Two-step assembly—how It works
Step 1. Single-stranded oligonucleotides, 60–120 nt, designed with short overlapping sequences, are assembled using PCR reagents into approximately 500 bp sequences. The assembled, now double-stranded fragments are then subcloned into a plasmid vector. In fact, for genes <1 kb, this first stage assembly should be sufficient for complete synthesis. However, when directly combining multiple short oligonucleotides into sequences >1 kb, the chances of random errors in the final construct increases.

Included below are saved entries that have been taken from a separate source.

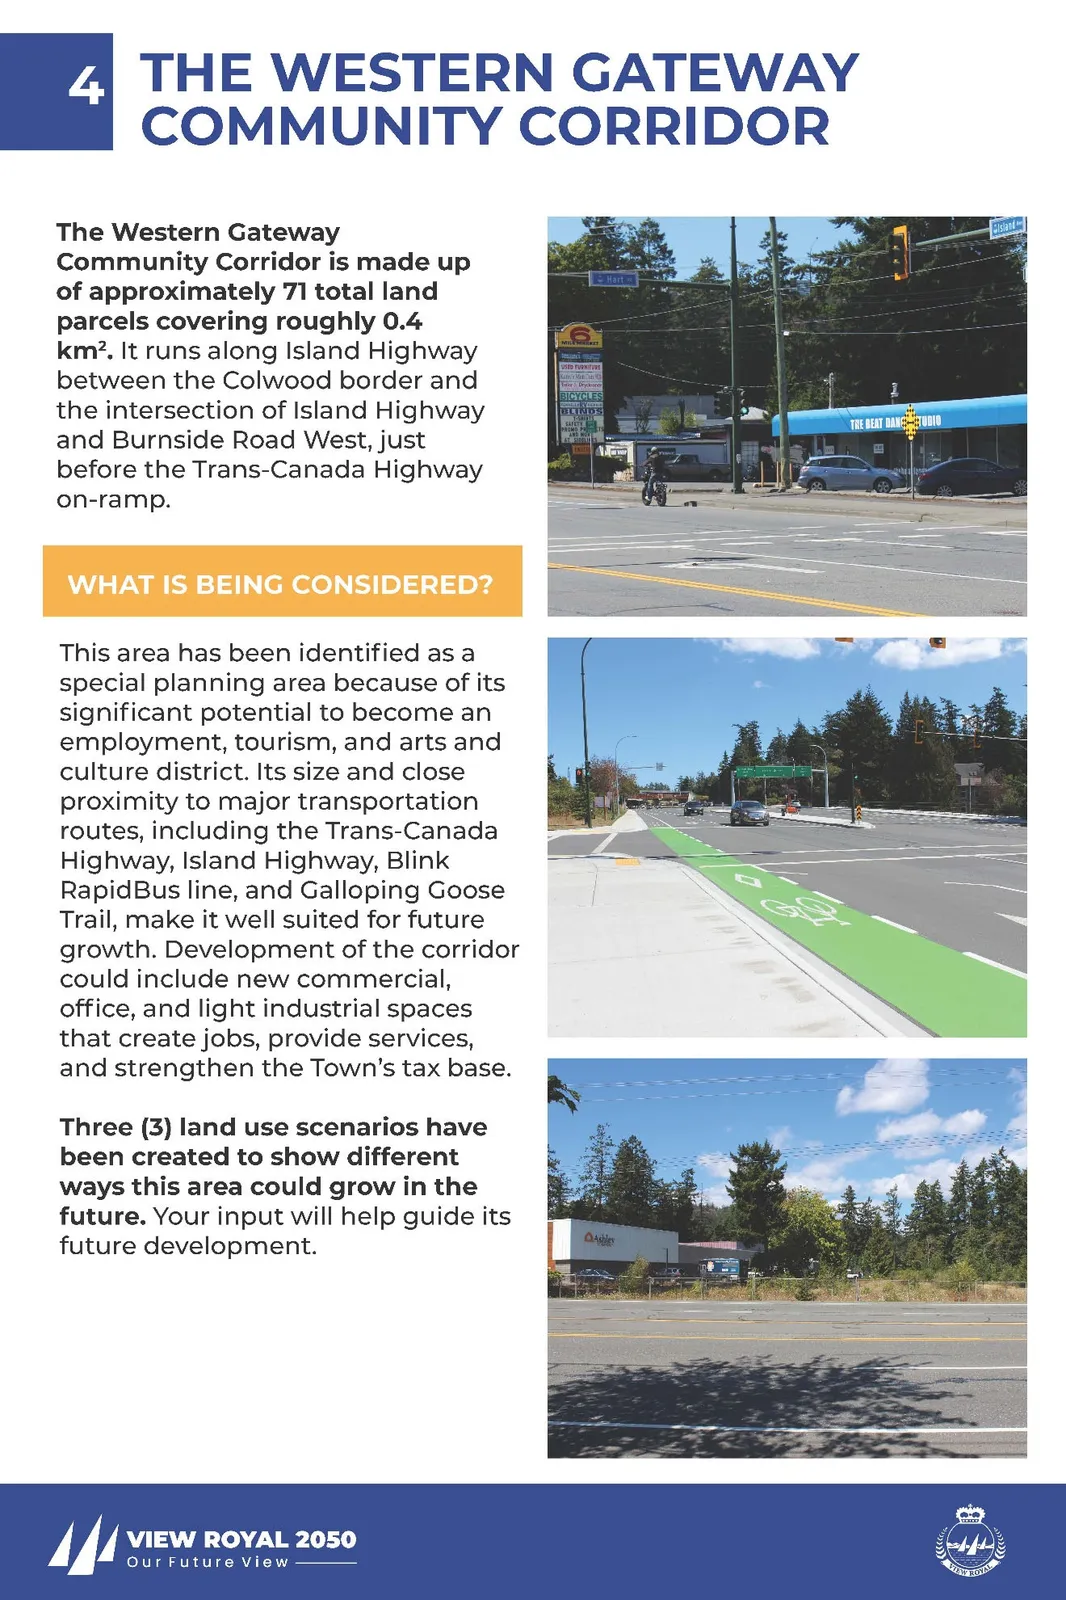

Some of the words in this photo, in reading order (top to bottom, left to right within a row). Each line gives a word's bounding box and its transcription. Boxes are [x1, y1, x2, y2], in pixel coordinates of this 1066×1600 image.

[140, 53, 251, 91] THE
[270, 52, 551, 92] WESTERN
[573, 53, 859, 92] GATEWAY
[69, 66, 104, 104] 4
[142, 106, 503, 145] COMMUNITY
[520, 106, 829, 145] CORRIDOR
[56, 222, 103, 241] The
[111, 223, 219, 241] Western
[228, 223, 340, 246] Gateway
[997, 219, 1016, 233] Island
[57, 251, 208, 276] Community
[216, 251, 321, 271] Corridor
[330, 251, 349, 271] is
[358, 252, 430, 271] made
[438, 257, 470, 275] up
[606, 275, 624, 283] Hart
[57, 281, 82, 300] of
[90, 280, 275, 305] approximately
[283, 282, 305, 300] 71
[315, 281, 373, 300] total
[384, 281, 437, 300] land
[58, 311, 149, 335] parcels
[157, 310, 267, 335] covering
[277, 311, 376, 335] roughly
[384, 312, 422, 330] 0.4
[570, 326, 591, 342] 6
[58, 341, 112, 360] km².
[123, 342, 138, 360] It
[147, 346, 200, 360] runs
[208, 341, 276, 365] along
[287, 341, 359, 360] Island
[370, 340, 477, 365] Highway
[58, 370, 165, 389] between
[173, 370, 215, 389] the
[224, 370, 330, 389] Colwood
[341, 370, 422, 389] border
[431, 370, 476, 389] and
[560, 392, 603, 401] BICYCLES
[56, 400, 97, 419] the
[107, 400, 253, 419] intersection
[262, 400, 287, 419] of
[295, 400, 366, 419] Island
[377, 400, 485, 424] Highway
[850, 419, 864, 430] THE
[865, 417, 883, 429] BEAT
[917, 414, 942, 427] TUDIO
[57, 430, 103, 449] and
[114, 430, 224, 449] Burnside
[234, 430, 294, 449] Road
[304, 431, 372, 452] West,
[378, 430, 425, 453] just
[58, 459, 136, 478] before
[144, 460, 185, 478] the
[192, 460, 364, 478] Trans-Canada
[375, 459, 483, 483] Highway
[57, 494, 170, 512] on-ramp.
[68, 575, 154, 594] WHAT
[164, 575, 187, 594] IS
[197, 575, 282, 594] BEING
[292, 575, 493, 594] CONSIDERED?
[60, 643, 110, 662] This
[118, 648, 169, 662] area
[180, 643, 221, 662] has
[230, 643, 290, 662] been
[300, 642, 418, 662] identified
[428, 648, 454, 662] as
[462, 648, 474, 662] a
[60, 702, 192, 726] significant
[202, 702, 310, 726] potential
[320, 705, 343, 721] to
[353, 702, 453, 721] become
[462, 707, 490, 721] an
[60, 762, 148, 781] culture
[157, 761, 248, 781] district.
[258, 763, 286, 780] Its
[294, 761, 339, 780] size
[347, 762, 393, 780] and
[403, 762, 464, 780] close
[62, 823, 143, 843] routes,
[153, 820, 267, 845] including
[277, 821, 318, 840] the
[325, 821, 497, 840] Trans-Canada
[62, 850, 174, 874] Highway,
[184, 851, 255, 869] Island
[266, 850, 378, 874] Highway,
[388, 850, 449, 869] Blink
[60, 940, 156, 963] growth.
[166, 940, 334, 963] Development
[342, 939, 367, 958] of
[373, 940, 414, 958] the
[422, 939, 519, 958] corridor
[60, 998, 135, 1021] office,
[144, 999, 189, 1017] and
[200, 998, 255, 1022] light
[264, 998, 379, 1018] industrial
[388, 1003, 472, 1022] spaces
[60, 1058, 106, 1077] and
[115, 1058, 253, 1081] strengthen
[262, 1058, 303, 1076] the
[310, 1058, 395, 1076] Town’s
[402, 1060, 440, 1077] tax
[449, 1058, 510, 1076] base.
[60, 1117, 133, 1136] Three
[142, 1117, 171, 1140] (3)
[181, 1117, 235, 1136] land
[245, 1122, 288, 1136] use
[296, 1116, 418, 1136] scenarios
[427, 1117, 487, 1136] have
[60, 1181, 124, 1200] ways
[132, 1176, 180, 1195] this
[188, 1181, 242, 1195] area
[251, 1176, 321, 1195] could
[329, 1181, 396, 1200] grow
[404, 1176, 426, 1195] in
[434, 1177, 477, 1195] the
[60, 1206, 145, 1225] future.
[153, 1207, 209, 1225] Your
[219, 1206, 284, 1230] input
[291, 1206, 331, 1225] will
[342, 1206, 395, 1230] help
[404, 1206, 474, 1230] guide
[484, 1206, 510, 1225] its
[60, 1235, 136, 1254] future
[144, 1236, 316, 1259] development.
[127, 1531, 196, 1548] VIEW
[205, 1531, 289, 1548] ROYAL
[295, 1531, 356, 1548] 2050
[127, 1556, 161, 1567] Our
[170, 1557, 233, 1567] Future
[242, 1556, 288, 1567] View
[949, 1563, 968, 1576] VIEW
[969, 1563, 993, 1576] ROYAL

Step 2. For constructs >1 kb, a second round of assembly is used to join error-free, 500 bp, subfragments that were subcloned and identified by sequencing from the first round of assembly. For this step, the double-stranded elements must also contain overlapping sequences at their termini. The subcloned sequences are isolated from the plasmid either by PCR or restriction digest—PCR using a high fidelity polymerase is typically recommended because it eliminates the need to include restriction sites in the design. The double-stranded subfragments are joined in a second round PCR reaction to create the desired larger sequence, and included primers amplify the construct. This second step of assembly is followed by another round of cloning and sequencing (Figure 1).
Figure 1. Two-step assembly PCR. Step 1: Oligonucleotides with overlapping sequences, approximately 20 bp and with similar Tm, are assembled into double-stranded DNA, 500–1000 bp, using PCR. These fragments are then subcloned and sequenced. Inserts from clones with the correct sequence are isolated by restriction digest or PCR amplification (recommended). Step 2: The double-stranded components are combined, along with amplification primers that will amplify the entire desired construct, and assembled in a second round of PCR. The products are then cloned and sequenced, yielding the final construct.
The main advantages of this approach are that the 500 bp fragments from the first step are easy to clone and sequence, and only subfragments that are 100% accurate are used for assembling into larger gene constructs. The disadvantages to this two-step assembly PCR approach are: 1) large assemblies still involve combining large numbers of oligonucleotides in the first round of assembly, and 2) time-consuming and expensive cloning and sequencing must be performed after both the first and subsequent rounds of assembly to obtain the final construct.